[Dataset records]
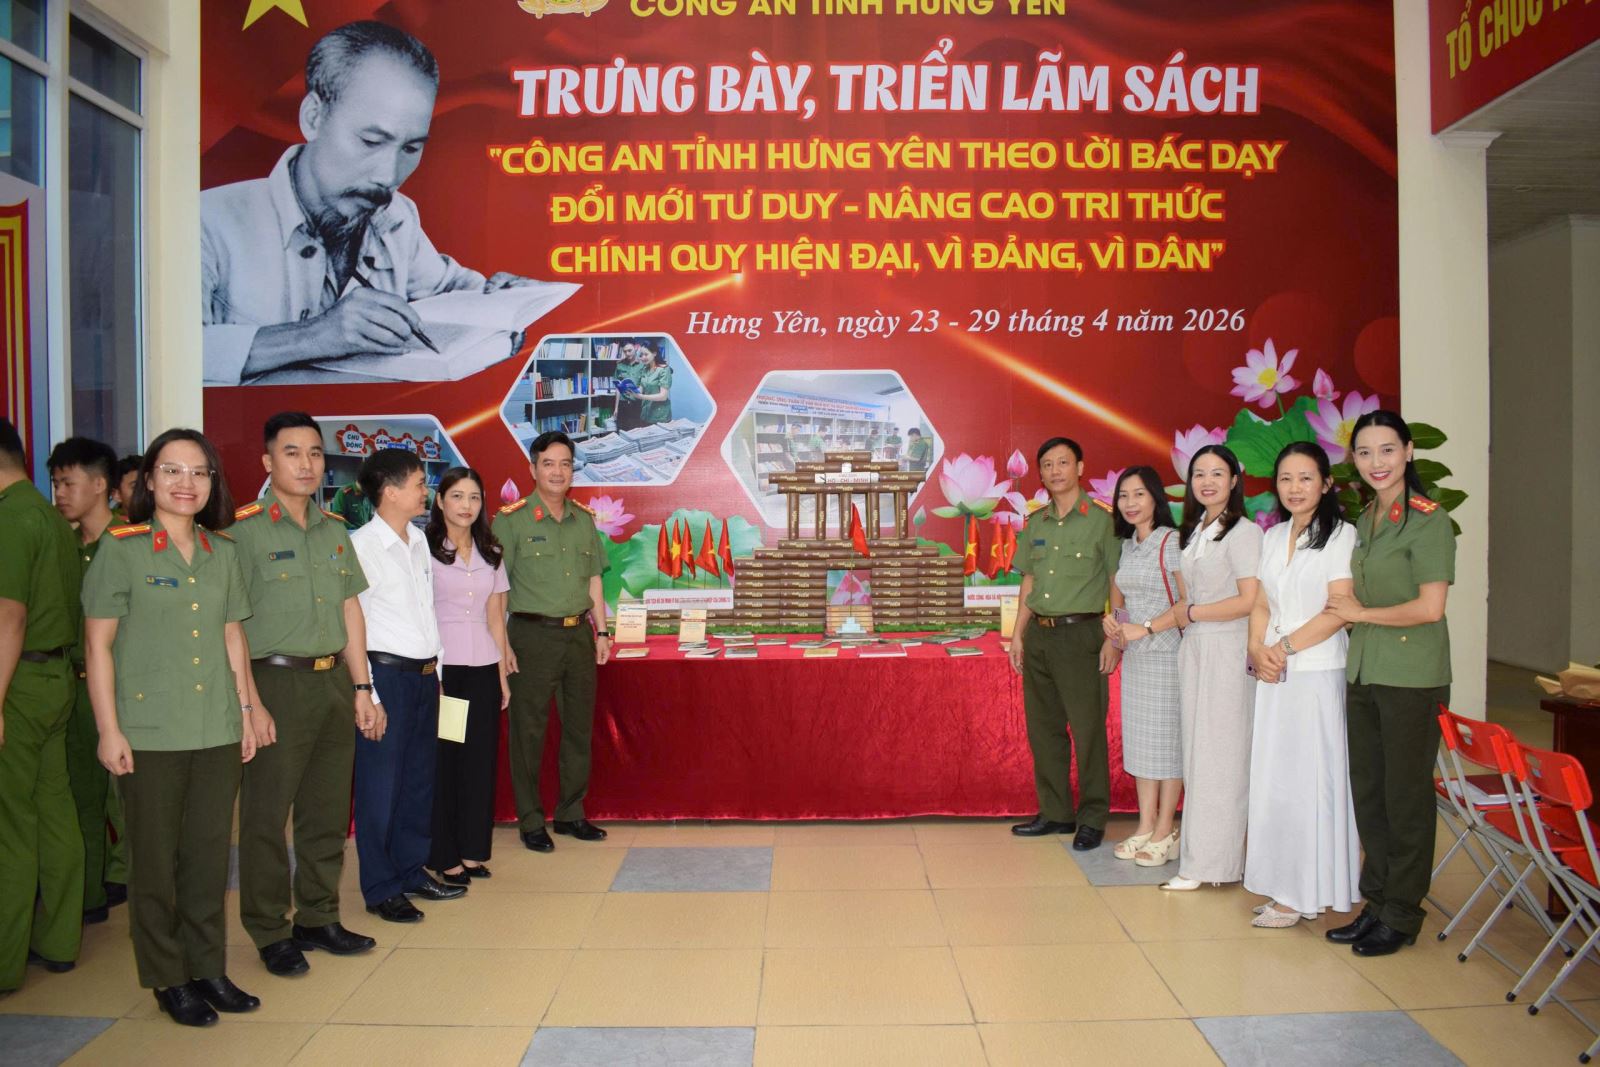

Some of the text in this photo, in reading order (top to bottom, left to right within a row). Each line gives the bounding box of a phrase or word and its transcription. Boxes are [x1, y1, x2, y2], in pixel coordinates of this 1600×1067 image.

[513, 37, 1259, 120] TRƯNG BÀY, TRIỂN LÃM SÁCH
[610, 143, 664, 172] AN
[671, 135, 757, 171] TỈNH
[767, 137, 871, 170] HƯNG
[877, 135, 951, 169] YÊN
[959, 141, 1057, 169] THEO
[1065, 135, 1120, 169] LỜI
[1131, 136, 1202, 169] BÁC
[1211, 143, 1283, 177] DẠY
[550, 183, 1224, 223] ĐỔI MỚI TƯ DUY - NÂNG CAO TRI THỨC
[550, 238, 661, 273] CHÍNH
[670, 243, 748, 272] QUY
[755, 236, 840, 277] HIỆN
[848, 242, 920, 277] ĐẠI,
[926, 235, 962, 270] VÌ
[971, 234, 1083, 276] ĐẢNG,
[1089, 235, 1125, 269] VÌ
[686, 311, 764, 340] Hưng
[772, 309, 827, 337] Yên,
[836, 309, 901, 339] ngày
[907, 309, 940, 333] 23
[967, 309, 1001, 332] 29
[1008, 308, 1086, 338] tháng
[1092, 308, 1109, 331] 4
[1116, 309, 1174, 332] năm
[1182, 308, 1246, 332] 2026

:: WHAT IS EXPECTED ::
Output every record above word for word, omitting any pictures they contain.

:: COMPLETED TASK ::
Some of the text in this photo, in reading order (top to bottom, left to right within a row). Each line gives the bounding box of a phrase or word and its transcription. Boxes are [x1, y1, x2, y2], in pixel coordinates of this 1600×1067 image.

[513, 37, 1259, 120] TRƯNG BÀY, TRIỂN LÃM SÁCH
[610, 143, 664, 172] AN
[671, 135, 757, 171] TỈNH
[767, 137, 871, 170] HƯNG
[877, 135, 951, 169] YÊN
[959, 141, 1057, 169] THEO
[1065, 135, 1120, 169] LỜI
[1131, 136, 1202, 169] BÁC
[1211, 143, 1283, 177] DẠY
[550, 183, 1224, 223] ĐỔI MỚI TƯ DUY - NÂNG CAO TRI THỨC
[550, 238, 661, 273] CHÍNH
[670, 243, 748, 272] QUY
[755, 236, 840, 277] HIỆN
[848, 242, 920, 277] ĐẠI,
[926, 235, 962, 270] VÌ
[971, 234, 1083, 276] ĐẢNG,
[1089, 235, 1125, 269] VÌ
[686, 311, 764, 340] Hưng
[772, 309, 827, 337] Yên,
[836, 309, 901, 339] ngày
[907, 309, 940, 333] 23
[967, 309, 1001, 332] 29
[1008, 308, 1086, 338] tháng
[1092, 308, 1109, 331] 4
[1116, 309, 1174, 332] năm
[1182, 308, 1246, 332] 2026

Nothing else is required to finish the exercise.